Nessa ocasião o velho sonhava:
Tinha remoçado cinquenta anos! Os franceses invadiam Portugal! Quando ele estava na tenda de campanha, a dormir no dia seguinte ao de uma batalha, viu entrar inesperadamente o exército de Bonaparte. As paredes de lona da tenda iam recuando, recuando, para dar entrada às hostes imensas do inimigo. Os esquadrões insofridos da cavalaria corriam sobre ele. Em volta da tenda levantou-se rapidamente - como nas mágicas do teatro! - uma bateria, com as bocas dos canhões apontadas para o leito. Os piquetes de infantaria corriam a marche-marche, de baionetas caladas, para o surpreenderem no sono. Ao fundo, no viso de um outeiro, Bonaparte, o terrível Bonaparte, com as suas botas de escudeiro e o seu chapéu de bicos posto de través, como o chapéu de um estudante de Salamanca, assestava sobre ele o óculo de alcance, sorrindo
alegremente da vitória!
O capitão Macário via tudo aquilo, ouvia o estrépito dos cavalos, o tropel da infantaria, as gargalhadas de Bonaparte, e sentia-se preso ao leito, impotente, inerme, ansiado, sem poder gritar!... Façam ideia!
De repente, todo aquele exército enorme se transformou num gigante, que lhe prendeu brutalmente as pernas com dois grilhões de ferro!
O capitão esforçou-se ainda por se levantar; mas conseguiu, apenas, depois de muito custo, soltar este brado aflitivo, com uma voz convulsa:
- Às armas!
E despertou, ouvindo as gargalhadas de... Bonaparte!

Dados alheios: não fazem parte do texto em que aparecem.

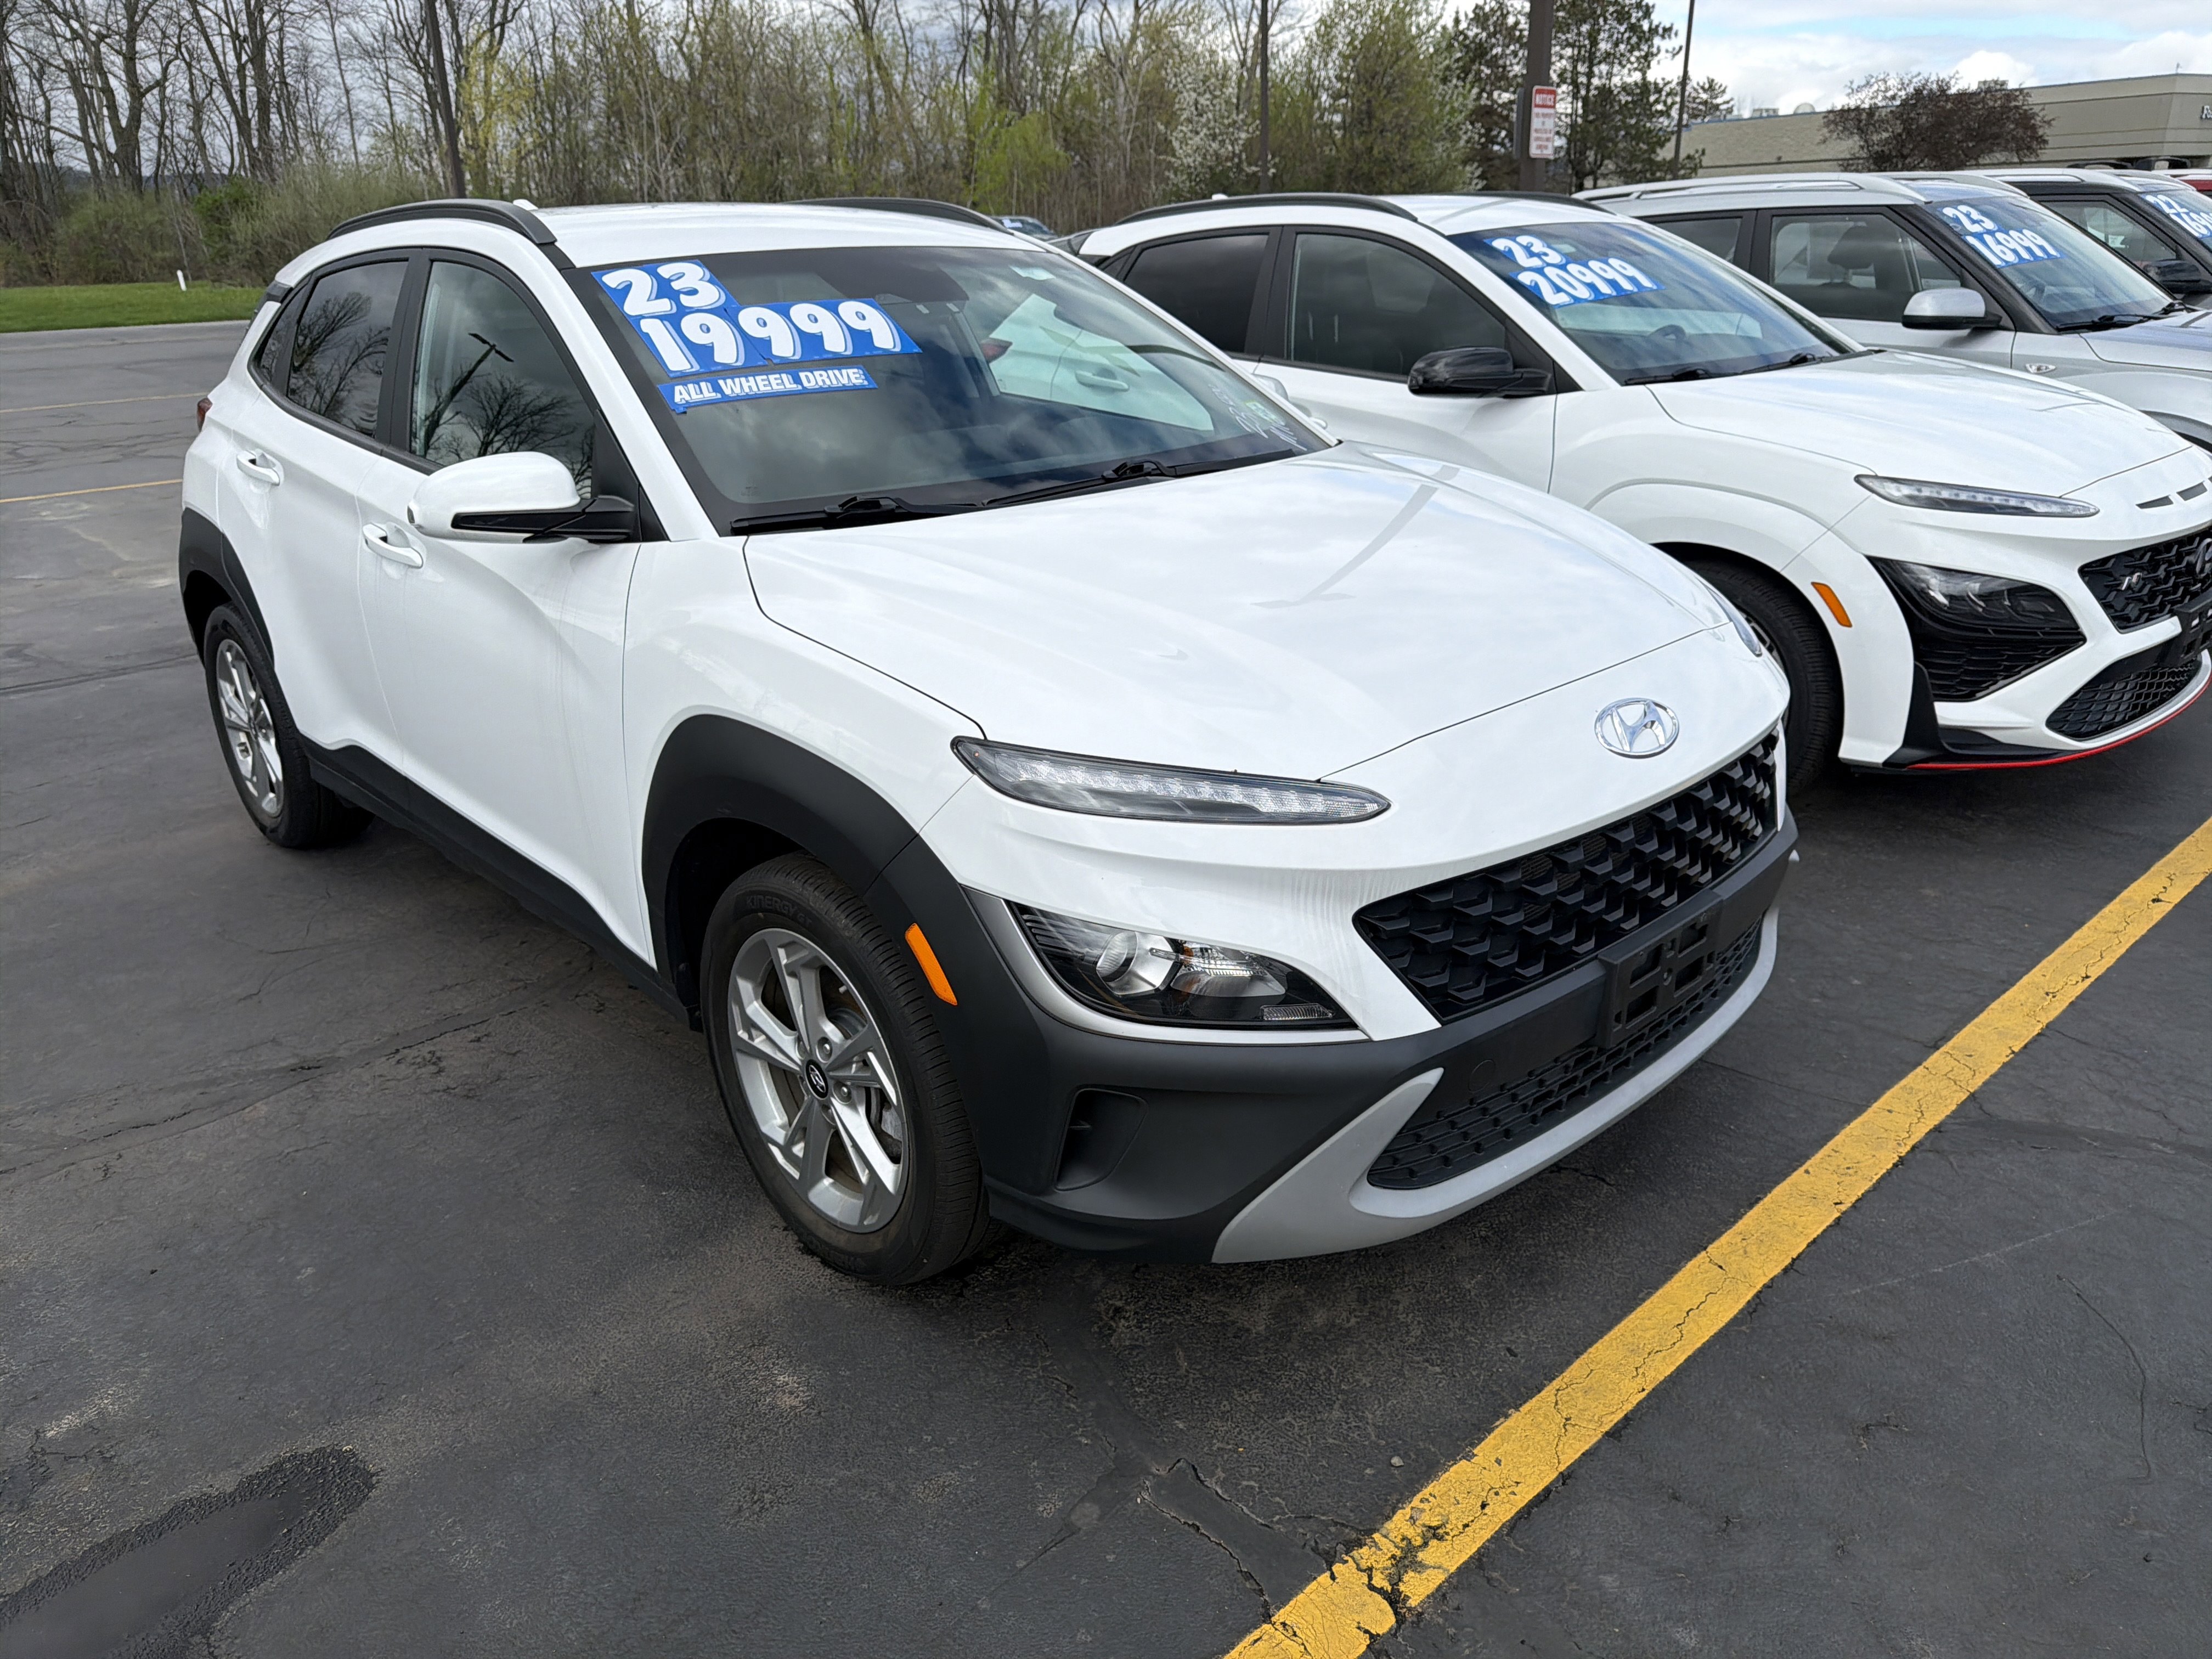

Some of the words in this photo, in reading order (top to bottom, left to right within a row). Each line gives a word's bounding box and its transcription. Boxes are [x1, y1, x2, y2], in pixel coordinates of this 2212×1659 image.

[1943, 205, 1998, 233] 23
[2146, 194, 2190, 213] 22
[1492, 235, 1566, 268] 23
[1966, 229, 2060, 266] 16999
[601, 262, 726, 317] 23
[1517, 257, 1657, 305] 20999
[640, 301, 901, 373] 19999
[674, 381, 721, 404] ALL
[718, 373, 803, 396] WHEEL
[798, 368, 868, 388] DRIVE
[746, 895, 798, 918] KINERGY

O velho abriu desmesuradamente os olhos, volveu-os espantado em torno de si; e, quando um instante depois, se sentiu completamente acordado, deu com o netinho, que lhe puxava pelas pernas, para lhe subir ao colo!
A criancinha estava com os olhos levantados para o avô, a sorrir, muito alegre, porque julgou que tinha sido para ela, como brincadeira, aquele grito sufocado - "Às armas"!
Fonte:
Alberto Braga. Contos d'Aldeia. Porto/Portugal: Cia. Portugueza Ed., 1916.